Since I joined this site I have noticed several discussions about the nature and existence of atonal music, which I have generally studiously avoided. I can now make them all redundant because the "problem" has been solved.

http://www.submediant.com/2015/11/02/study-so-called-atonal-music-just-been-in-a-minor-all-along/

In fact, I just came across this site this morning, and it seems to have several remarkable insights.


----------



## arpeggio (Oct 4, 2012)

This article was discussed in another thread and appears to have been a joke.

Check out: http://www.talkclassical.com/40711-critical-new-research-atonal.html


----------



## Crudblud (Dec 29, 2011)

I guess there's a fake news site for pretty much every field these days.


----------



## ComposerOfAvantGarde (Dec 2, 2011)

Crudblud said:


> I guess there's a fake news site for pretty much every field these days.
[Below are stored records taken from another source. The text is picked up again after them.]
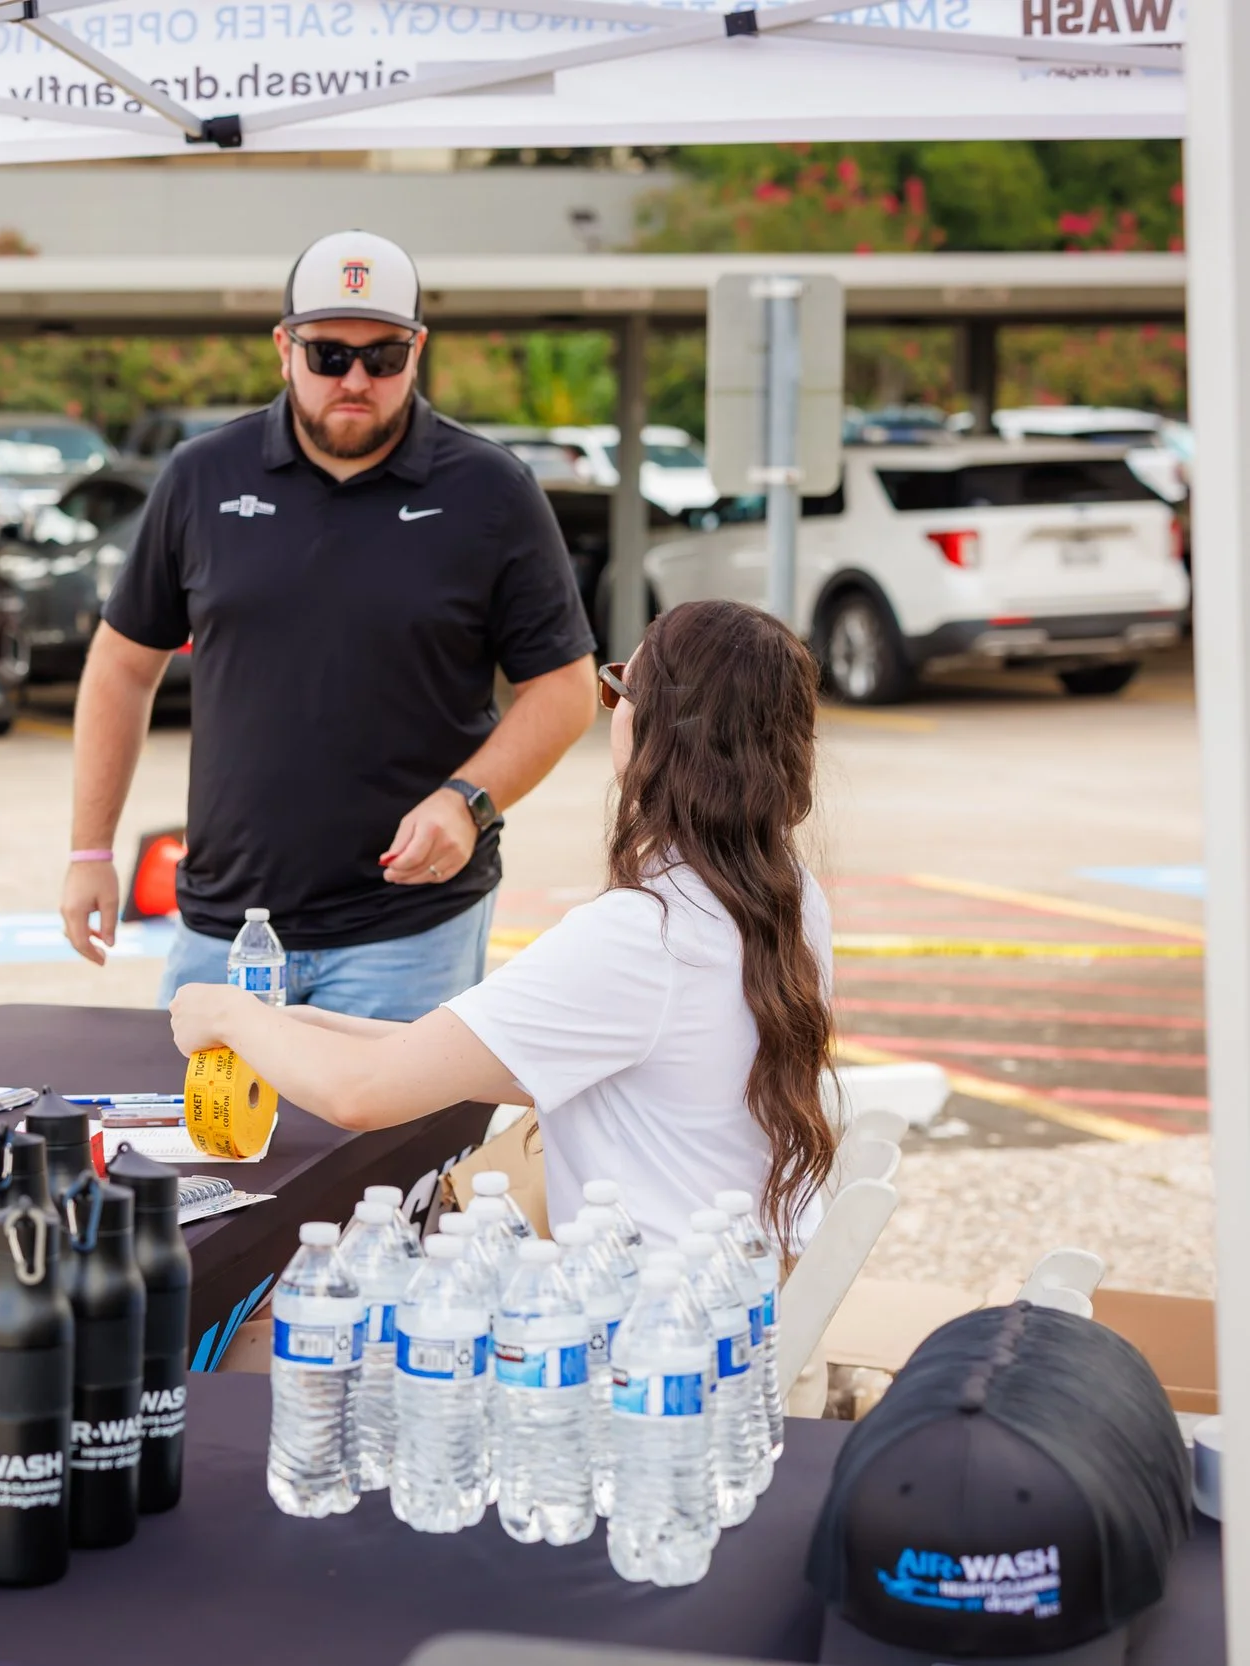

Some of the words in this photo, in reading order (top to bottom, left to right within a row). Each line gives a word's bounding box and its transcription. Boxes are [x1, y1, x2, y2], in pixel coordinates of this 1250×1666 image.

[195, 1052, 207, 1076] TICKET
[226, 1050, 234, 1080] COUPON
[193, 1093, 202, 1122] TICKET
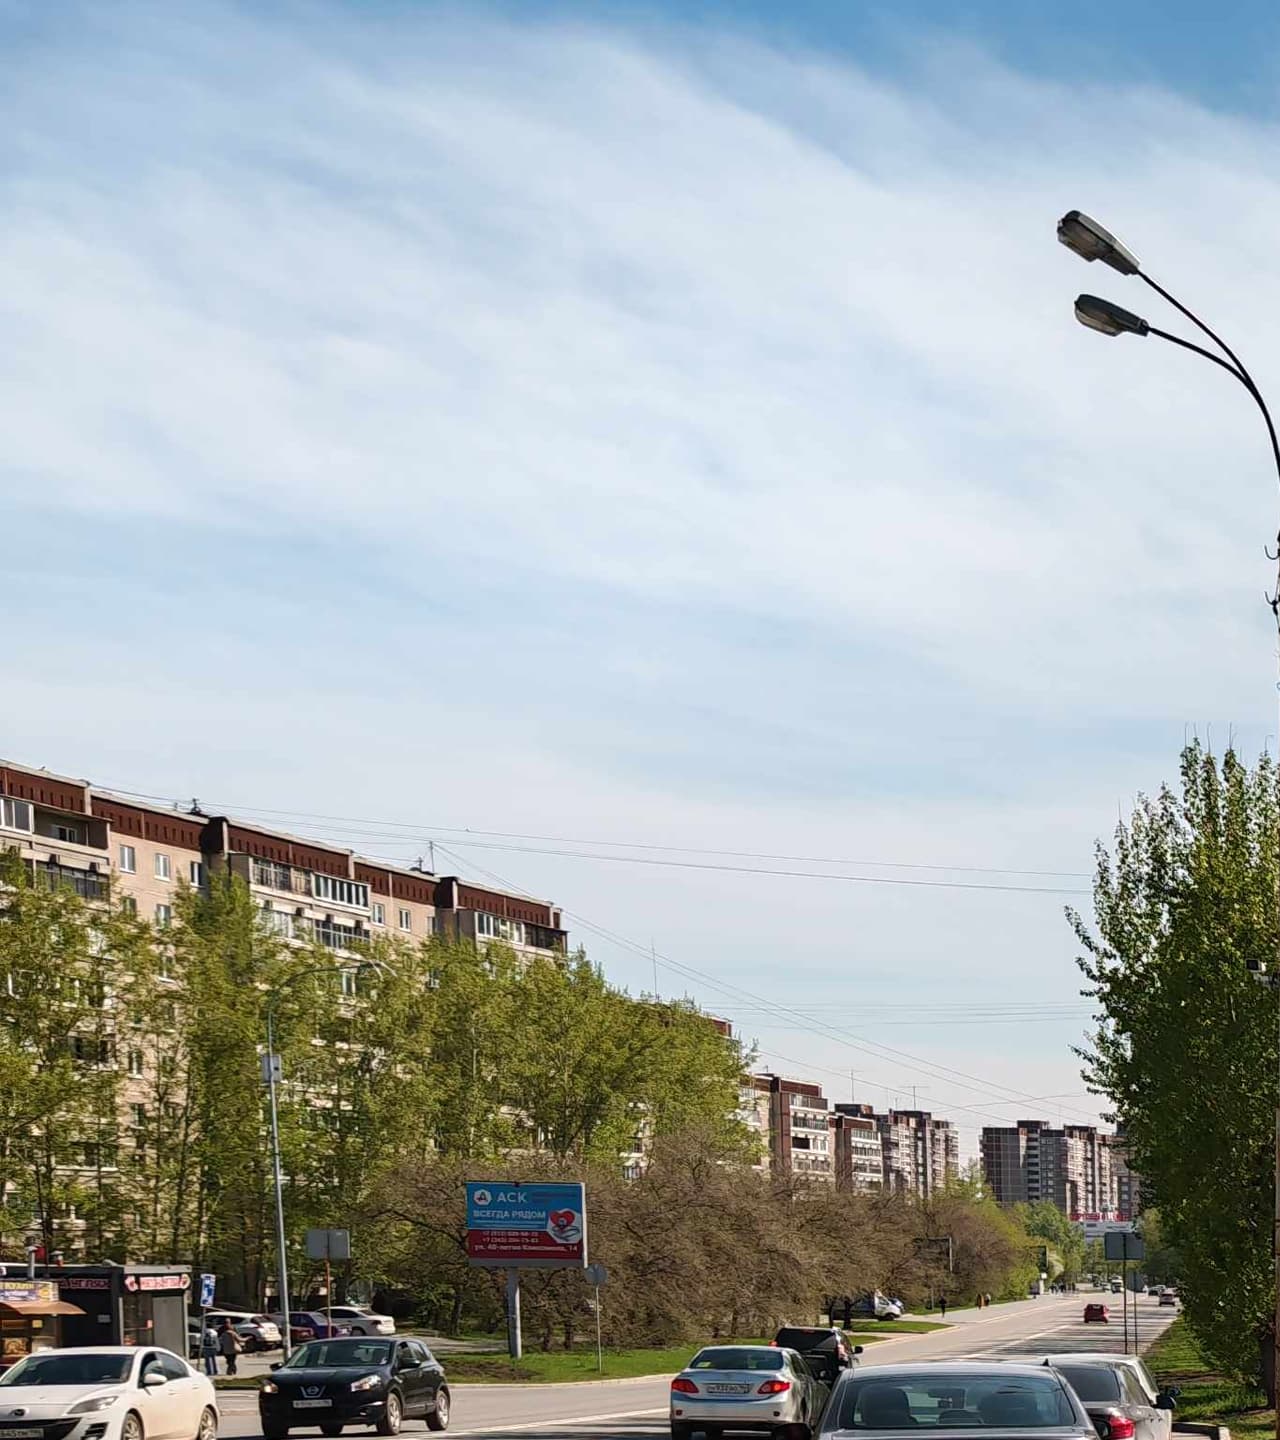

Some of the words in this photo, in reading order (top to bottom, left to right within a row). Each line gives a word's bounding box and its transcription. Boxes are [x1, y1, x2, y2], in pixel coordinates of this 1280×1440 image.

[497, 1192, 528, 1203] АСК
[473, 1210, 510, 1219] ВСЕГДА
[511, 1210, 545, 1219] РЯДОМ
EXTRA EXTRA READ ALL ABOUT IT
FRANK ZAPPA HAS RETURNED FROM THE DEAD
He claims he wasn't dead, he just smelt funny


----------



## TradeMark (Mar 12, 2015)

From the same site:
http://www.submediant.com/2015/11/07/7-composers-you-didnt-know-were-still-alive/


----------



## Steatopygous (Jul 5, 2015)

Yes, it was so obviously a joke I didn't feel any need to highlight that. Much better to let it dawn on people by about paragraph 2. 
I only discovered the submediant site today, and thought it had some very funny items.


----------



## Woodduck (Mar 17, 2014)

This is hilarious. But for me the subtlest, unmentioned joke is that the famous passage that's said to have initiated the "breakdown" of tonality, the passage that's probably occasioned more conflicting analysis and more treatises and dissertations than any other harmonic sequence in music - the opening bars of Wagner's _Tristan und __Isolde_ - is, in point of fact, easily analyzed in A-minor.
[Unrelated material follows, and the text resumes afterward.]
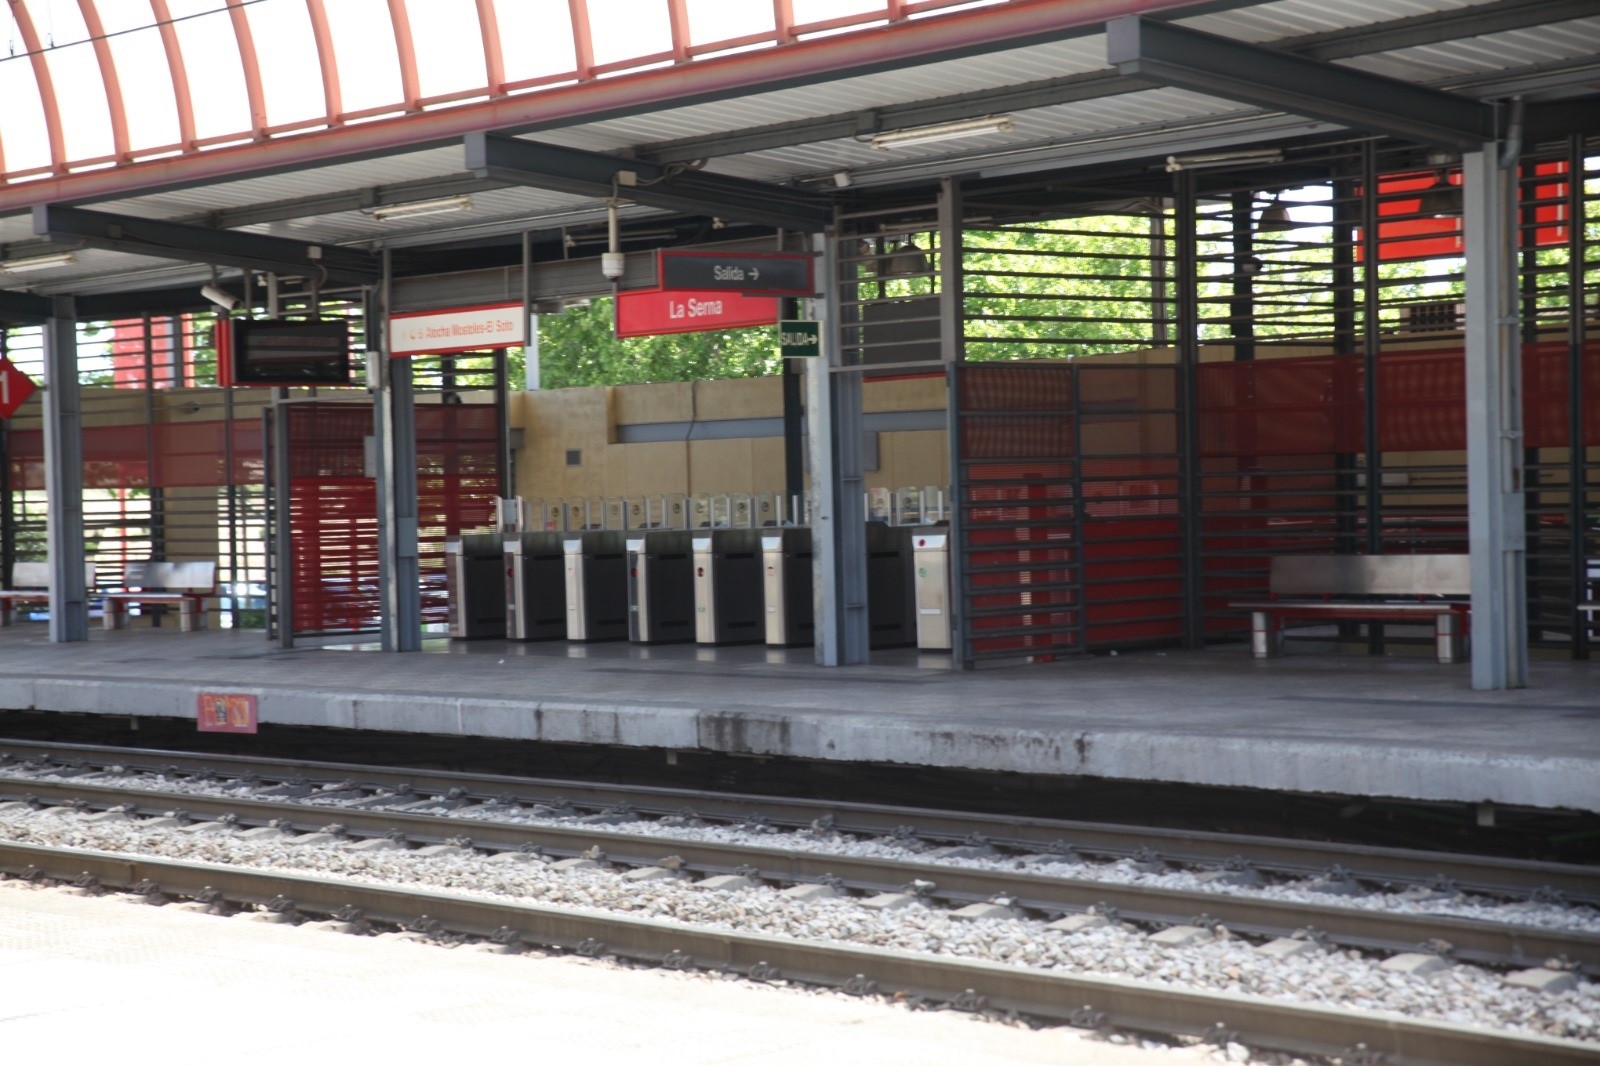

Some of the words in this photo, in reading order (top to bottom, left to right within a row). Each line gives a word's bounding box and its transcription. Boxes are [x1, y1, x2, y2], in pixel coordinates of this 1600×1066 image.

[713, 265, 744, 281] Salida
[669, 301, 685, 319] La
[781, 332, 809, 346] SALIDA
[0, 370, 10, 405] 1
People should have noticed that back then the absence of a key signature actually meant something.


----------



## Gouldanian (Nov 19, 2015)

''The group of *distinguished music theorists and composers* responsible for the discovery summarized their findings in a paper given at the annual conference of the Society for Music Theory this past weekend in St. Louis.''

That's where they lost me.


----------



## Gouldanian (Nov 19, 2015)

I'm actually in the mood for some atonal music... let me throw my cat on the piano.


----------



## Pugg (Aug 8, 2014)

Gouldanian said:


> I'm actually in the mood for some atonal music... let me throw my cat on the piano.
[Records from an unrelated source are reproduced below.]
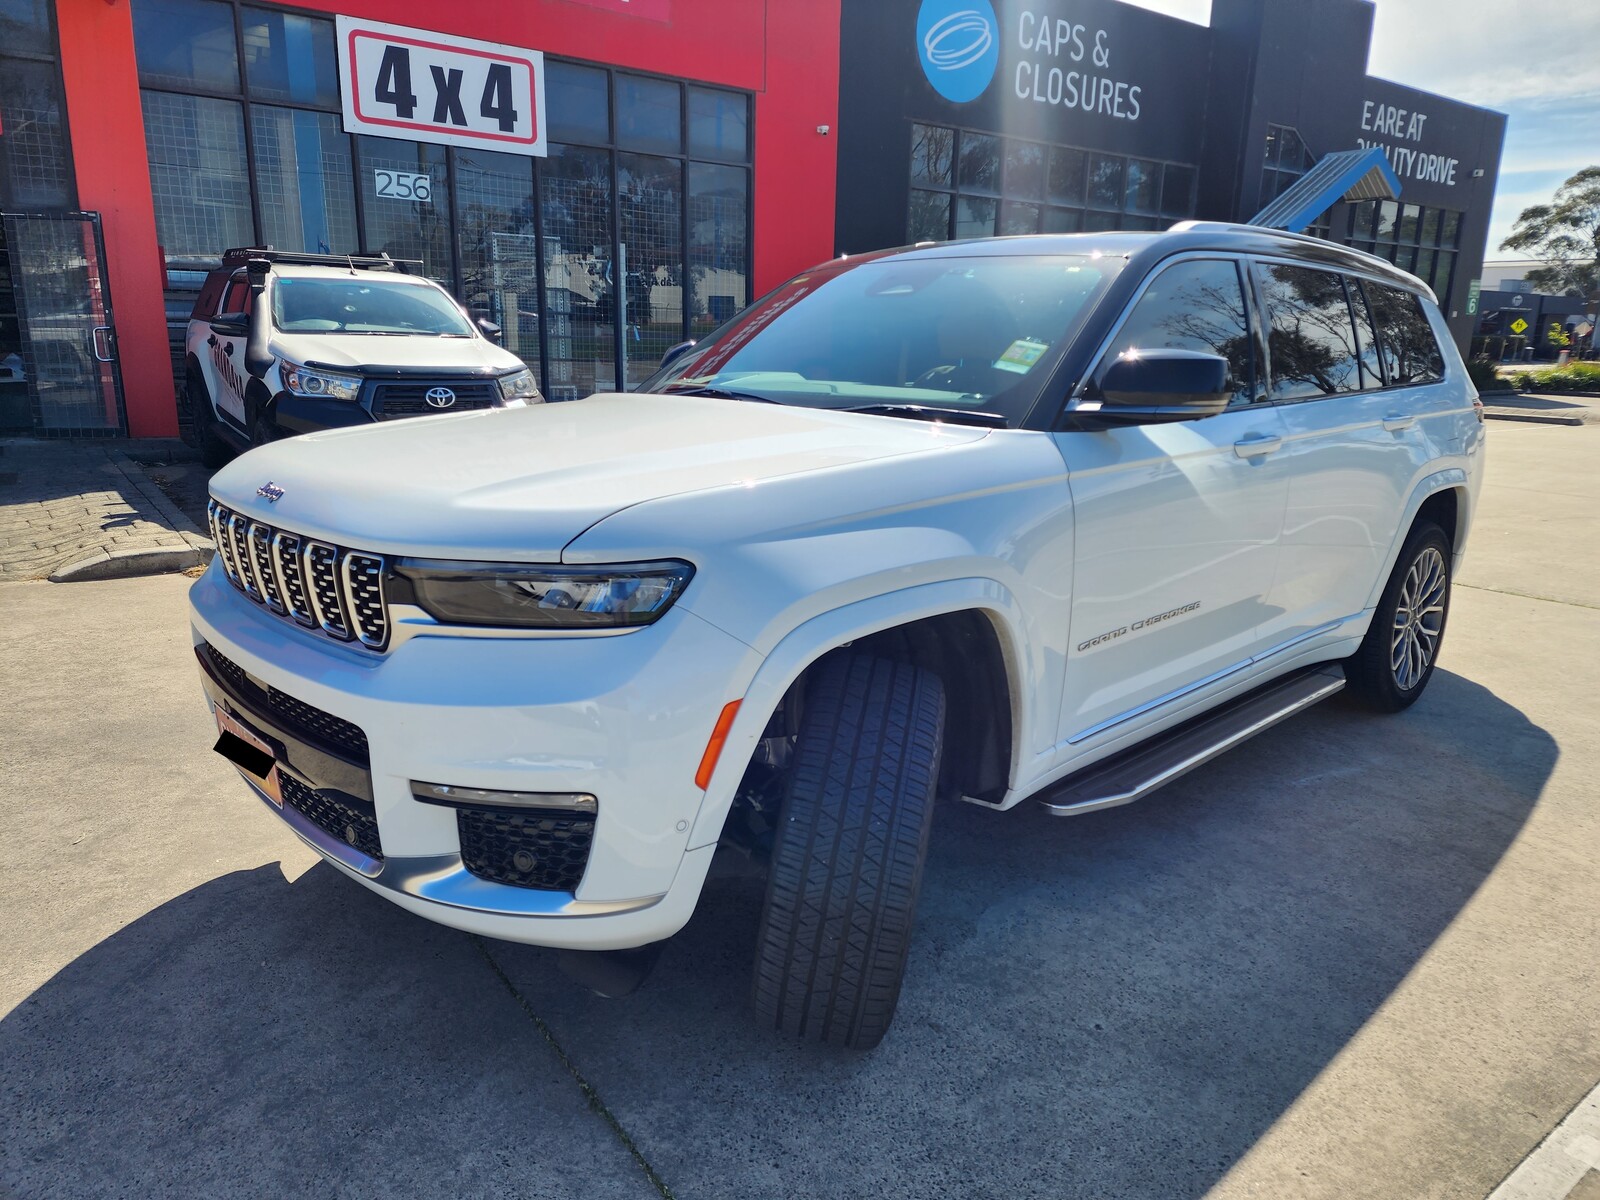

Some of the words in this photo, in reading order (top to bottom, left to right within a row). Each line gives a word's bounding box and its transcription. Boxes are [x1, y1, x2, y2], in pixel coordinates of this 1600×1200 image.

[1018, 10, 1086, 61] CAPS
[1092, 29, 1109, 69] &
[1015, 60, 1142, 120] CLOSURES
[1361, 100, 1375, 131] E
[1373, 103, 1408, 138] ARE
[1406, 111, 1427, 142] AT
[375, 171, 430, 200] 256
[1416, 152, 1459, 186] DRIVE
[1469, 298, 1477, 314] 6
[1077, 626, 1128, 652] GRAND
Add some milk to it, poor cat otherwise. :lol:


----------



## ComposerOfAvantGarde (Dec 2, 2011)

Pugg said:


> Add some milk to it, poor cat otherwise. :lol:


A contented cat will bring along that Scarlatti fugue....better hide some catnip between the piano keys instead!


----------



## Gouldanian (Nov 19, 2015)

You're both hilarious!


----------



## violadude (May 2, 2011)

Gouldanian said:


> I'm actually in the mood for some atonal music... let me throw my cat on the piano.









...................


----------



## Stavrogin (Apr 20, 2014)

> And since none of this music sounds very happy, we were able to rule out C major as the key signature


:lol:

(15 characters)


----------



## Guest (Nov 26, 2015)

Stavrogin, all you need to do is punch in a bunch of periods or 6's or something, highlight them, and choose white in the colors menu. (You're welcome. I hadda figure this out on my own after typing (15 characters) in dozens of posts.)

By the way, has anyone yet* laughed at the "none of this music sounds very happy" joke? That's one of the more obvious jokes in the whole article. In fact, it's the first obvious joke in the article. Well, OK, the title is pretty obviously a joke. Fine. Fire me.

*Yes, I interpreted Stavrogin as laughing at something else than the absurdity of calling all keyless music unhappy. But that's OK. I've already been fired.


----------



## Stavrogin (Apr 20, 2014)

some guy said:


> Stavrogin, all you need to do is punch in a bunch of periods or 6's or something, highlight them, and choose white in the colors menu. (You're welcome. I hadda figure this out on my own after typing (15 characters) in dozens of posts.)
> 
> By the way, has anyone yet laughed at the "none of this music sounds very happy" joke? That's one of the more obvious jokes in the whole article. In fact, it's the first obvious joke in the article. Well, OK, the title is pretty obviously a joke. Fine. Fire me.


Thanks.

I actually use the "white text" trick for other purposes (lastly in the "the world is a piece of music" thread), namely to reveal my intended irony only to those who are so outraged/intrigued/whatever to feel compelled to quote my post.

I've found, however, that the frequent use of the "What's New" page by TC users makes the white text trick useless.

So yeah, I'll use it for the 15 chars issue for sure.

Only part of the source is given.